On 10 July the council is due to vote on whether to keep open the Bab al-Hawa crossing from Turkey, which helps service rebel-held Idlib.
The number of permitted cross-border aid routes into Syria was reduced from four to one in 2020, as Damascus and Moscow – the country’s chief sponsor at the UN – try to assert Syria’s sovereign right to control its borders and administer the flow of overseas aid.
On Thursday, the heads of all the major UN agencies – including Martin Griffiths, the head of the UN humanitarian agency OCHA – issued a rare joint appeal to keep the border crossing open.
“Failure to renew the resolution will have dire humanitarian consequences. It will immediately disrupt the UN’s lifesaving aid operation, plunging people in northwest Syria into deeper misery and threatening their access to the food, medical care, clean water, shelter, and protection from gender-based violence currently offered by UN-backed operations,” they said.
Thirty-two NGO leaders have also called for the crossing to be maintained for another 12 months, but the chances of success are slim. The crossing requires a UN resolution and a Russian commitment not to use its veto to block the measure.
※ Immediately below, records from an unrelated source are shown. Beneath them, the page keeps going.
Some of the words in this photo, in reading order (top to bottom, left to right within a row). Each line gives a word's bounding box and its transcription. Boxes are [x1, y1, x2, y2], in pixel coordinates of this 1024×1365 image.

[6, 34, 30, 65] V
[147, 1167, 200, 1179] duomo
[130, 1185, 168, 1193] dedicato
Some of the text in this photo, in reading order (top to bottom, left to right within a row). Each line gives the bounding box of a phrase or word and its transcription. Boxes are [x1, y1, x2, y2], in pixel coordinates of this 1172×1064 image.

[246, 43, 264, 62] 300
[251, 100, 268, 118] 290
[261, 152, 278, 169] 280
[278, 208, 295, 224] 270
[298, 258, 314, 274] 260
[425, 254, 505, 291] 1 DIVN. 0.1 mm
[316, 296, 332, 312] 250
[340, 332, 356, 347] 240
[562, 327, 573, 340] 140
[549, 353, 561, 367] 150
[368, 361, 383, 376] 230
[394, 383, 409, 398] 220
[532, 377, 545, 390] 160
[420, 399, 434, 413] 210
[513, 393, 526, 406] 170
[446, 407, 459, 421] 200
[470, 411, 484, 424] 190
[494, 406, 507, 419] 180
In a sign of the importance of the issue, foreign ministers from Ireland and Norway have visited the crossing, as has the US ambassador to the UN, Linda Thomas-Greenfield.
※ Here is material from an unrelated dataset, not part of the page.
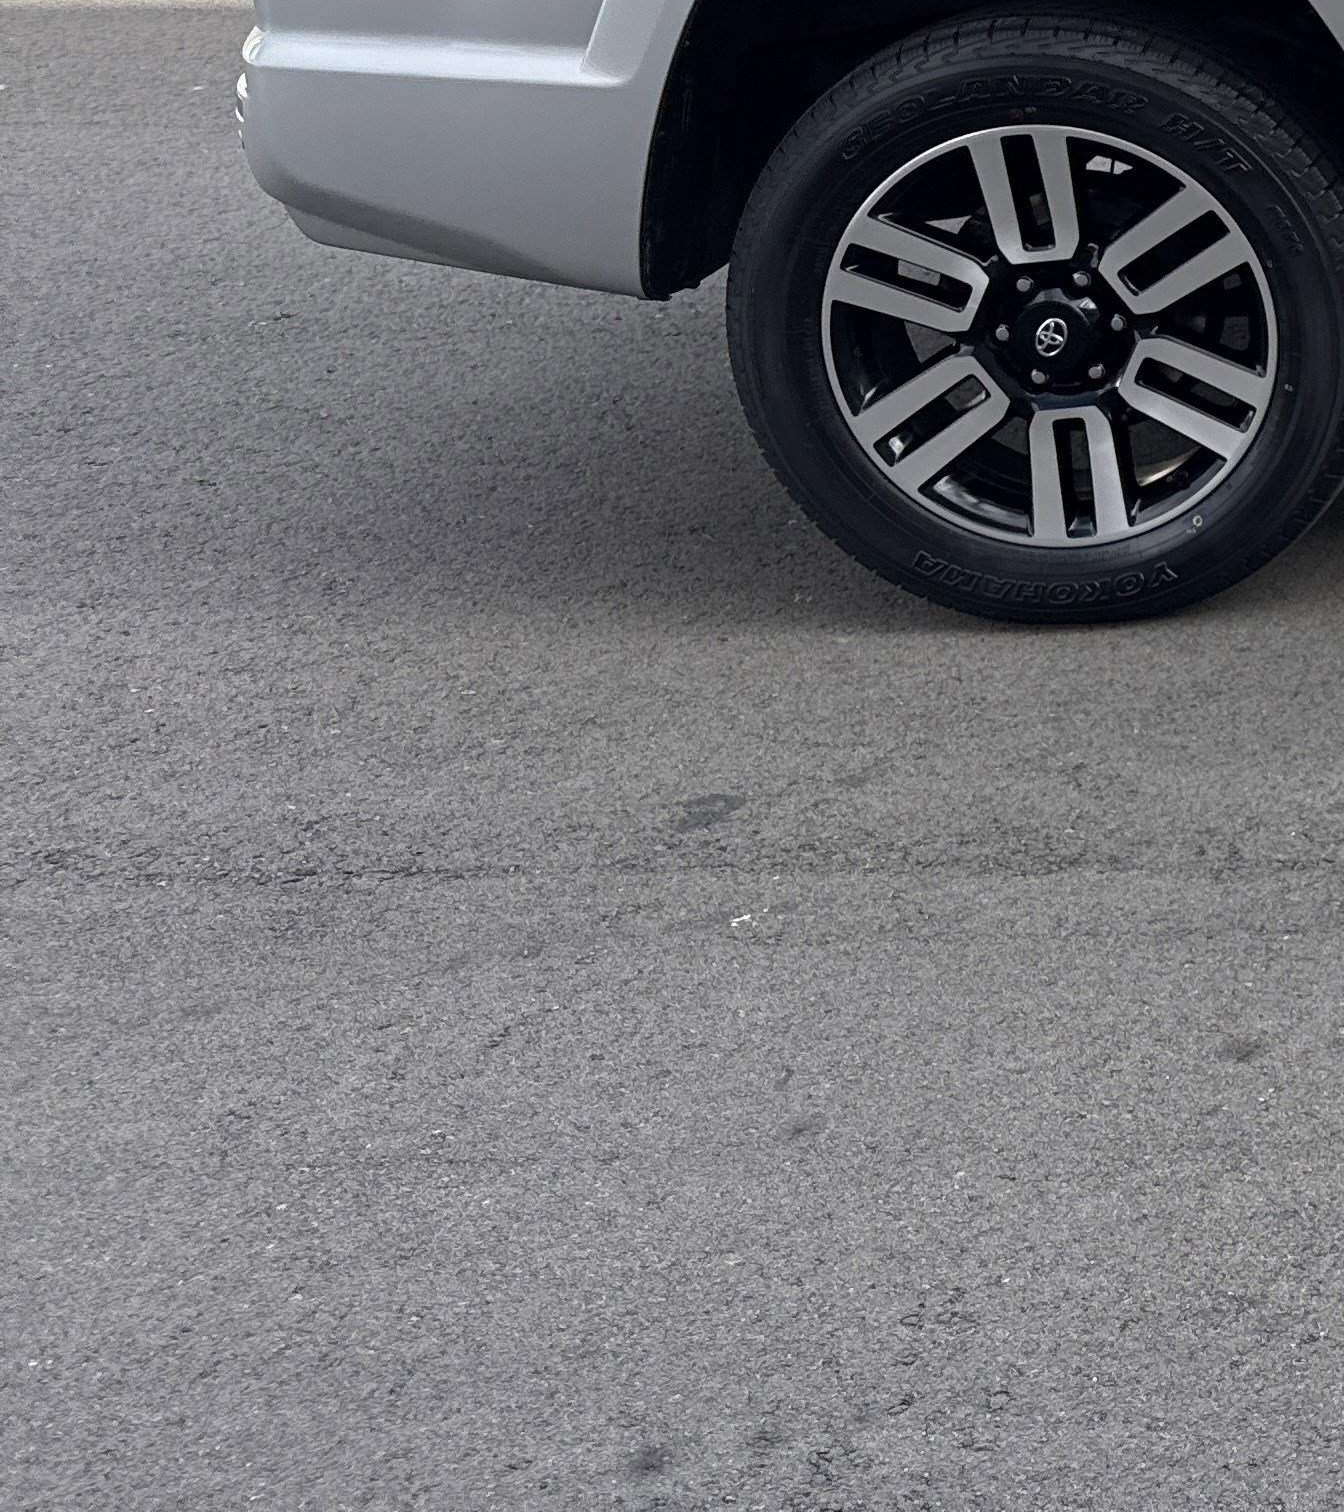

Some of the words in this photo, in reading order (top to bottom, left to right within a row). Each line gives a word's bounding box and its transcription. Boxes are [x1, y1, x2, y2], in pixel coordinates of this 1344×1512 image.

[837, 73, 1149, 160] GEOLANDAR
[1159, 111, 1253, 173] H/T
[911, 549, 1179, 605] YOKOHAMA
The NGOs claim that, in 2021, the Bab al-Hawa route allowed humanitarian aid to reach more than 2.4 million people a month in the north-west of the country. This included food for 1.8 million people, nutrition assistance to 85,000, education for 78,000 children, and access to life-saving dignity kits for 250,000 women and girls.
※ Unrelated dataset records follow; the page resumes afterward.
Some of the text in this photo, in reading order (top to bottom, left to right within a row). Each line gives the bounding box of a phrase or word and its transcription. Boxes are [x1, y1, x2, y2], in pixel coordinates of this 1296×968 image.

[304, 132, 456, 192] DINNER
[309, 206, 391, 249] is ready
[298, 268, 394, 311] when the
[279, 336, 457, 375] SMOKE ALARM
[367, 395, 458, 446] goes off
By contrast, internal aid deliveries have reached fewer than 50,000 people. The likelihood of aid being delivered from Syrian-controlled territory to the rebel-held Idlib seems remote.
More than 60% of people in the region have been displaced from previous battles elsewhere in Syria. About 1.7 million are estimated to be living in camps. Militant Islamist groups control parts of the territory, and it is in Syria’s military interest to weaken the flow of aid.
Mark Cutts, the UN’s deputy regional humanitarian coordinator in Syria, said: “It would be a catastrophe if the resolution is not renewed. Last month we had more than 1,000 trucks of aid.”
He said Syria is notified about every aid truck that crosses the border, and stressed the UN’s only aim was to help vulnerable people on both sides of the frontline.
NGOs warn that this year more Syrians are at risk of hunger than at any other point in the 11-year conflict. “Converging crises and economic shocks, including drought, inflation, economic collapse among Syria’s neighbours, and the Covid-19 pandemic have compounded an already dire humanitarian situation. As a result, today more than 14.6 million Syrians are dependent on humanitarian aid to survive, including 4.1 million people living in the north-west,” they said.
It was a huge diplomatic battle in July 2020 to persuade Russia to keep open the Bab al-Hawa crossing. Russia and China vetoed a UN resolution that would have maintained two border crossing points from Turkey.
The one-year mandate to keep the border crossing open was extended for a further year on 9 July 2021, but since the Russian invasion of Ukraine in February, relations with the west are close to collapse. The Russian delegation have walked out of UN meetings in disgust at the criticism levelled at Moscow.
There is as yet no sign that the invasion has diminished Russia’s support for the Syrian president, Bashar al-Assad. If anything, the country is reinforcing its presence to prevent a fresh Turkish invasion of Kurdish-controlled northern Syria.